Rubén Díaz López y Juan Carlos Díaz López
Vinimos a Comala porque nos dijeron que acá vivía nuestro padre, un tal Pedro Páramo… bueno, en realidad fuimos al Chilarillo, porque allá nació nuestro padre, Rubén Díaz. Puede sonar soberbio, pero, en realidad, nosotros conocimos de manera profunda el universo que había visitado tanto en sus textos como en sus fotografías Juan Rulfo, sin haber leído por primera vez Pedro Páramo o El Llano en Llamas.
Desde pequeños asistíamos, de día de campo, a este viejo poblado que se encuentra entre los límites de Aguascalientes y Jalisco, algunos kilómetros antes de llegar a Villa Hidalgo. Este pueblo es la puerta para nuestra propia Comala; así es que, para llegar, caminábamos sin encontrar ni una sombra de árbol, ni una semilla de árbol, ni una raíz de nada y así creíamos, mientras levantábamos pisotones de esa tierra del bajío que pintaba los pies y envejece el alma de los que allá viven, que no habría nada después que ese camino sin orillas, pero sí hay algo. Hay un pueblo. De ahí que, con la primera lectura, o los retratos emblemáticos de Juan Rulfo, toda una niñez llega de golpe, como una tolvanera en medio de un llano.
Fuera de un arroyo viejo, que arrastra a veces sólo historias y otras ni siquiera eso, llamado por algunos Río San Pedro, está la ranchería, la viva imagen de los murmullos rulfianos, sus derruidas casas, sus calles polvorientas y adustas, las pocas familias que aún la habitan tienen a la puerta a su propia Eduviges que te invita a pasar: nosotros lo hicimos muchas veces; y conocimos ahí a Susanas, Florencias, Fulgores, Romanas, Juanes y Facundas, que contaban aquellas historias llenas de almas en pena que no lo sabían, o que sí lo sabían, pero no les importaba, intenciones buenas y alguno que otro rencor de una mentalidad del siglo pasado.

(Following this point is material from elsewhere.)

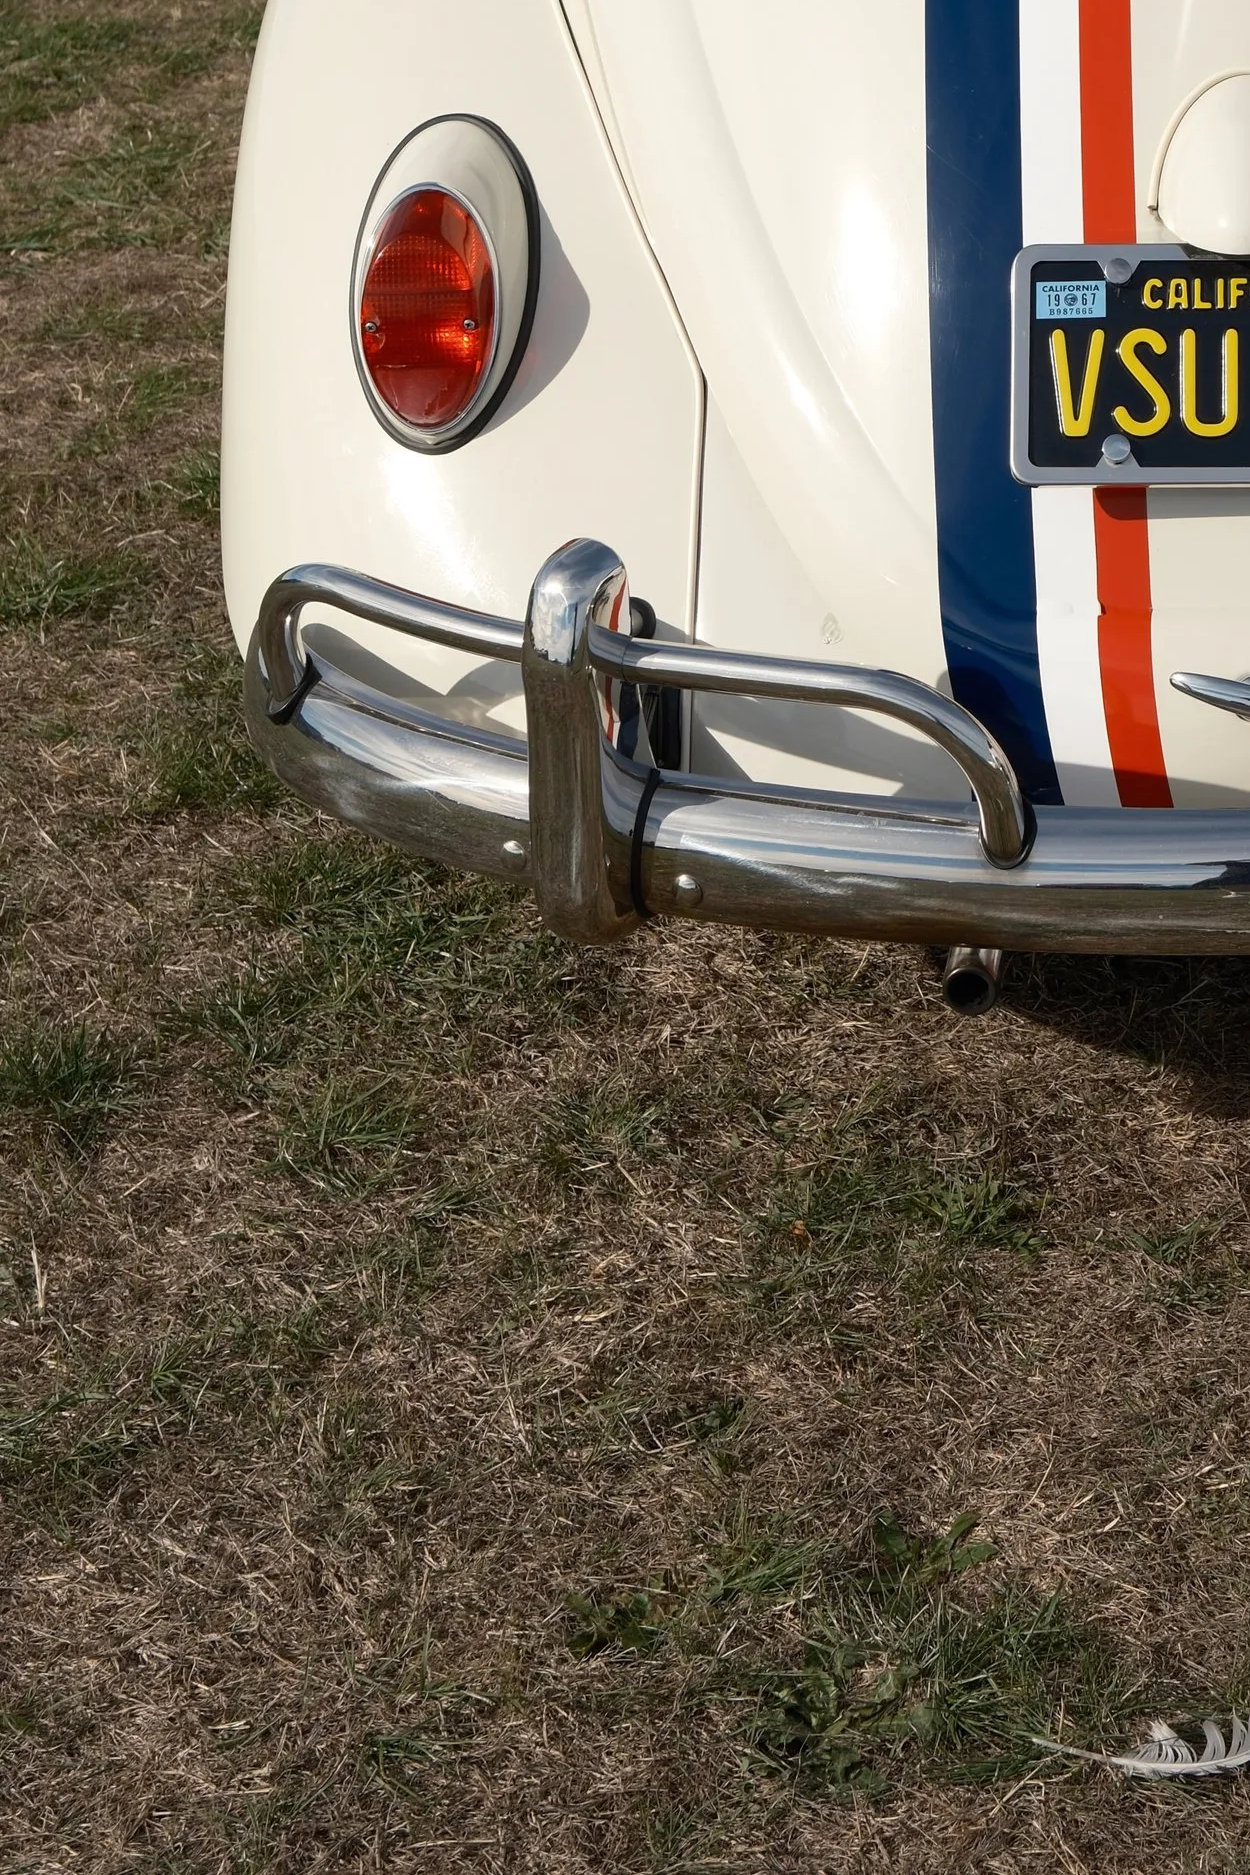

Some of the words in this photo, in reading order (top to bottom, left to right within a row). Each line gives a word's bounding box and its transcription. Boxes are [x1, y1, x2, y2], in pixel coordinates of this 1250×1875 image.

[1042, 284, 1100, 293] CALIFORNIA
[1047, 293, 1060, 307] 19
[1081, 292, 1097, 306] 67
[1049, 328, 1239, 437] VSU

Todo esto evoca la tierra de nuestro padre, cual si sus paisajes hubieran sido el set del cortometraje El despojo del director Antonio Reynoso (1963), un hermoso poema visual que, cinematográficamente, es lo que más se ha acercado al universo de Rulfo. Si bien el autor estuvo integrado al cine de forma permanente (como guionista, crítico, fotógrafo, asesor, etcétera) lo cierto es que, las películas basadas en su obra literaria, no se acercan tan fidedignamente a las atmósferas que él imaginó; más allá de ellas, su influencia trasciende a todo el cine (a todo el arte) mexicano, la gran cantidad de cintas que nos recuerdan los pasajes de su escritura, es inagotable, por eso la revista La tempestad en su número 121 intitulado “Juan Rulfo sin ataduras” utilizó como soporte visual de su homenaje, fotogramas de clásicos del séptimo arte, como Macario (1960) o Río Escondido (1948).

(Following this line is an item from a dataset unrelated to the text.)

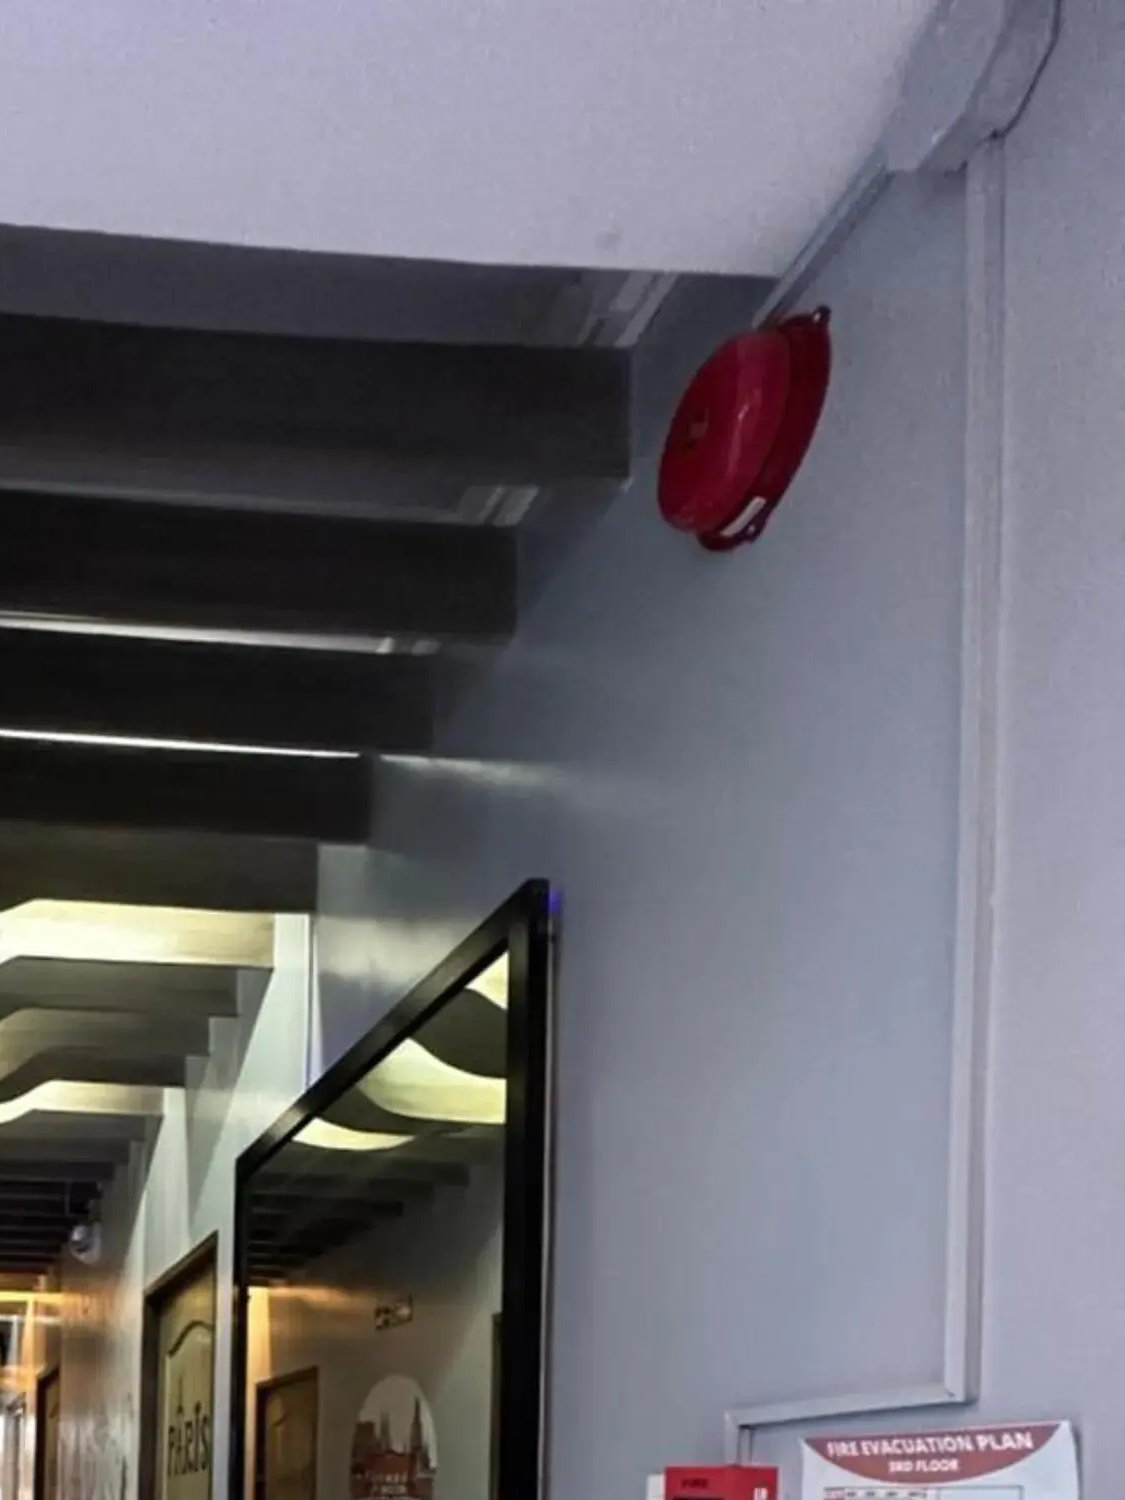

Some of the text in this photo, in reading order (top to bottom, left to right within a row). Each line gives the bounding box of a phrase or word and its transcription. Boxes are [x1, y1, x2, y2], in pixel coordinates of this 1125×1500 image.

[827, 1432, 1034, 1458] FIRE EVACUATION PLAN
[916, 1459, 960, 1473] FLOOR

Las expediciones de la niñez, bajo el ardiente sol por aquella árida meseta que integra el Bajío, hacían comprender, por lo inhóspita, que aquí haya nacido una de las tribus más indomables de la Conquista: los chichimecas; que fuera la cuna y el refugio de los agrestes cristeros. Aquí, no hay derecho ni justicia, el único pan nuestro de cada día, la única ley, es la del más fuerte, por eso no hay nada “de lo nuestro” solo la fuerza de Pedro Páramo y sus cuatreros. Tal vez por eso Juan Rulfo no volvió a escribir nada, porque sabía que México es Comala, que hay una muerte eterna donde no hay estado de derecho.
Si se camina unos cuantos kilómetros hacia adentro de El chilarillo, junto a una pequeña cañada, en medio de la nada, se puede llegar, entre los matorrales y los pocos huizaches o mezquites que apenas brindan pequeñas sobras, a lo que fue a mediados del siglo pasado, una casa. De aquella construcción, hoy solo queda una barda de adobe, aquel sitio fue la morada de nuestros abuelos y tíos; no sabemos si fue el semidesierto, la soledad que se percibe, lo funesto de solo comer cuando el temporal había sido bueno, sin embargo, un día por allá del año de mil novecientos sesenta, a diferencia de Juan Preciado, abandonaron su destino, le dieron la espalda a ese llano duro como pellejo de vaca, a la injusticia de la tierra, vendieron o malbarataron todo lo que tenían, y más que huir hacia la ciudad, decidieron que sus voces no se convertirían en un murmullo más de Comala.